Burada bir meydan herkesin buluştuğu

Burada bir geçit askerlerin baskı yaptığı

Burada çarşaf asan kadınlarıyla bir avlu

                        George Szirtes

Kutsal bir kenti anlamanın , anlatılası yerlerinin göz önüne getirmenin ve hayal edebilmenin ötesinde o kutsal kentte yaşayan insanların hayatlarına tanık olmak için “sokaktaki insan” rolüne büründüm, Linda Grant te öyle yapmış. Londra’dan Tel Aviv’e bir roman yazmak için yola çıkmış ; orada yaşayarak kutsal kentin tarihini ve içinde bulunduğu koşulları görerek kitabını oluşturmuş. Bizi bu kutsal kentin sokaklarında yürümeye davet ediyor.

Kendi deyimiyle “Korkmuş örselenmiş ve tehdit edilmişlerin oluşturduğu bir ülke , zulümden kaçanların vatanı” olarak tanımlıyor yazmak istediği şehri ,ve ekliyor  “Bu ülkenin iyi ,sıcak , yardımsever insanlarla dolu , keyifli bir yer olacağını düşünmüyordum.
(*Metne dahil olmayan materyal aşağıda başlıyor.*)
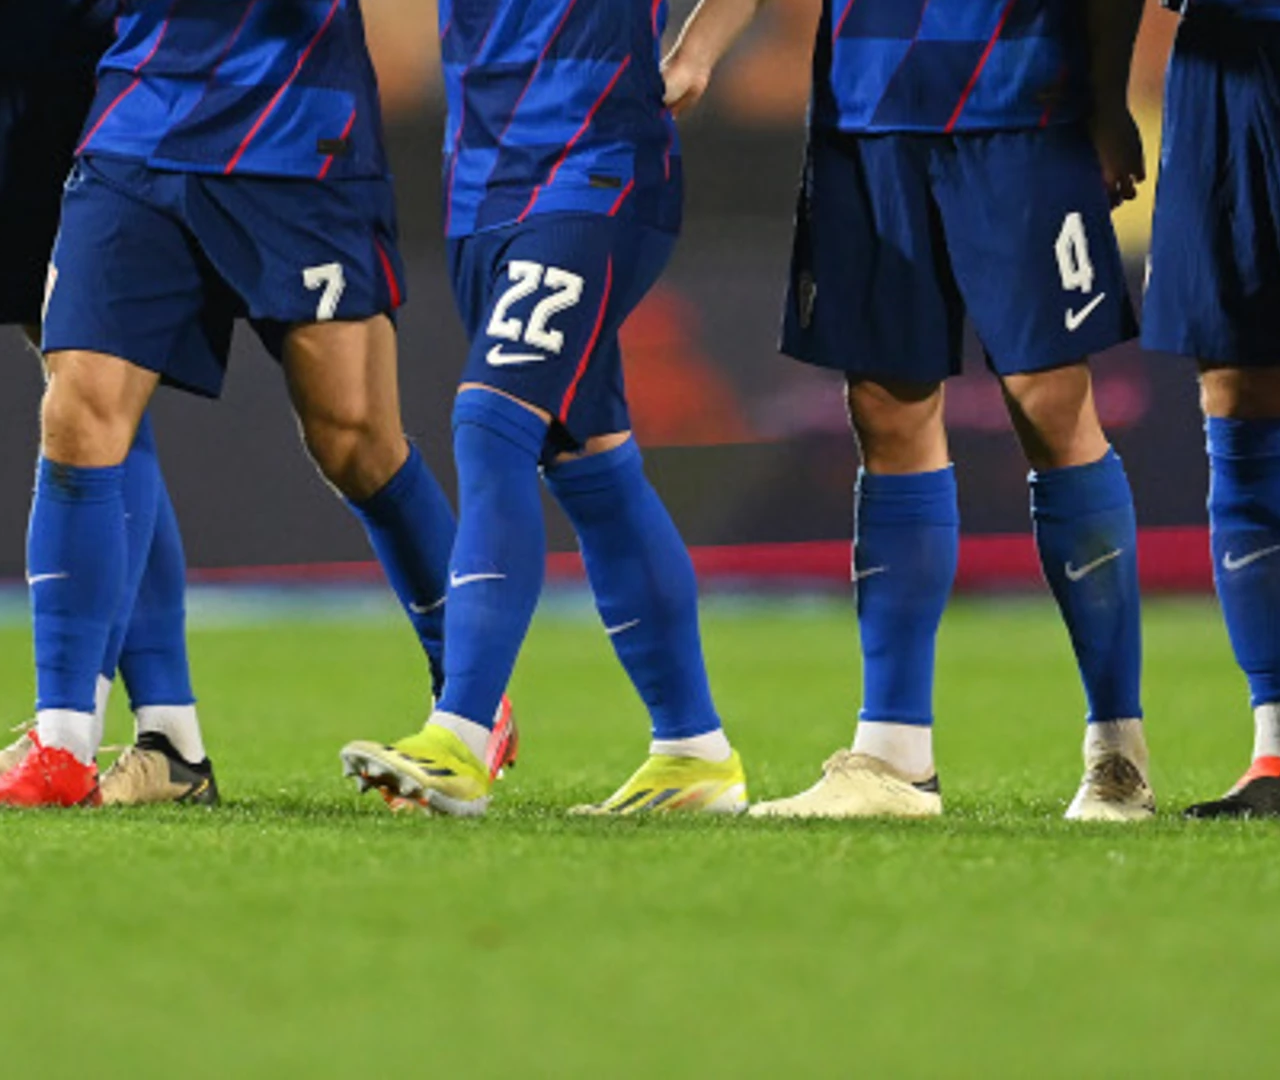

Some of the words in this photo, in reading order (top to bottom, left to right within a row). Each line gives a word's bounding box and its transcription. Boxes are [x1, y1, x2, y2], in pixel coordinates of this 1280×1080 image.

Romanımda ayrıca , acıyı iyileştirebilecek zevk biçimlerini de bulmaya çalışıyordum.” Buradan da anlayabileceğimiz gibi yazarımız bir doktor hassasiyetinde yaklaşıyor kente. Bir çok acıyı bize hissettirmeden sunma işine girişiyor.

Yazar, şehrin tanıklarına kulak misafiri olurken bunu samimi bir dille anlatmayı planlıyor ve bir gazeteci edası ile değil de o kutsal kentin bir bireyi olarak kutsal kentte yaşayan insanların arasına sızıveriyor. Savaşın, terörün gölgesinde bir yaşamın olağan kıldığı ve meşrulaştırdığı bir çok yaşam biçimine ışık tutmanın bilincine bizimde bir okuyucu olarak varmamızı çok fazla düşünmüyor. Yazılanlarda davetkar bir tavır yok. Bu tavır kitabın bölümlerinin İbranice olmasından anlaşılabiliyor.

Yol haritamız, kutsal kentin sakinlerini birer birer  dinleyerek sokaktaki insanı bularak ve onunla konuşarak şekilleniyor, sınırları belirleniyor. Terörün gölgesinde yaşayan insanların hayatlarını nasıl sürdükleri hakkında bir çok veriye ulaşabiliyoruz.Yazarımız, akrabaları ve akrabalarının arkadaşlarıyla yapmış olduğu sohbetleri bize aktarıyor. Tarafların (İsrail –Filistin) anlattıklarına eşit uzaklıkta durarak anı kitabını şekillendiriyor. Terörün hissettirdiklerinin hem sivil boyutu hem de askeri boyutu örneklerle, yaşanmış olaylarla destekleniyor.Tanıkların kendi ağzından anlattıkları olaylar tarihteki yerlerini alırken yazarımız aracılığı ile bizim de zihnimize kazılıyor.

Yazar kitabını yazarken samimi bir dil kullanmış. Anlatılanlar çoğu zaman iki kişi arasındaki bir sohbetin yazıya dökülmesi olduğu için takibi biraz zor olabiliyor ama bilgilerin tarihsel bir süzgeçten geçirilerek verilen örnekler, karakterlerine karşı eşit mesafede duruş ve kutsal kentin içinde bulunduğu krizi bizzat yaşayanların deneyimleri ile anlatılması bizi okur olarak kitabın içine çeken bir unsur olarak karşımıza çıkıyor.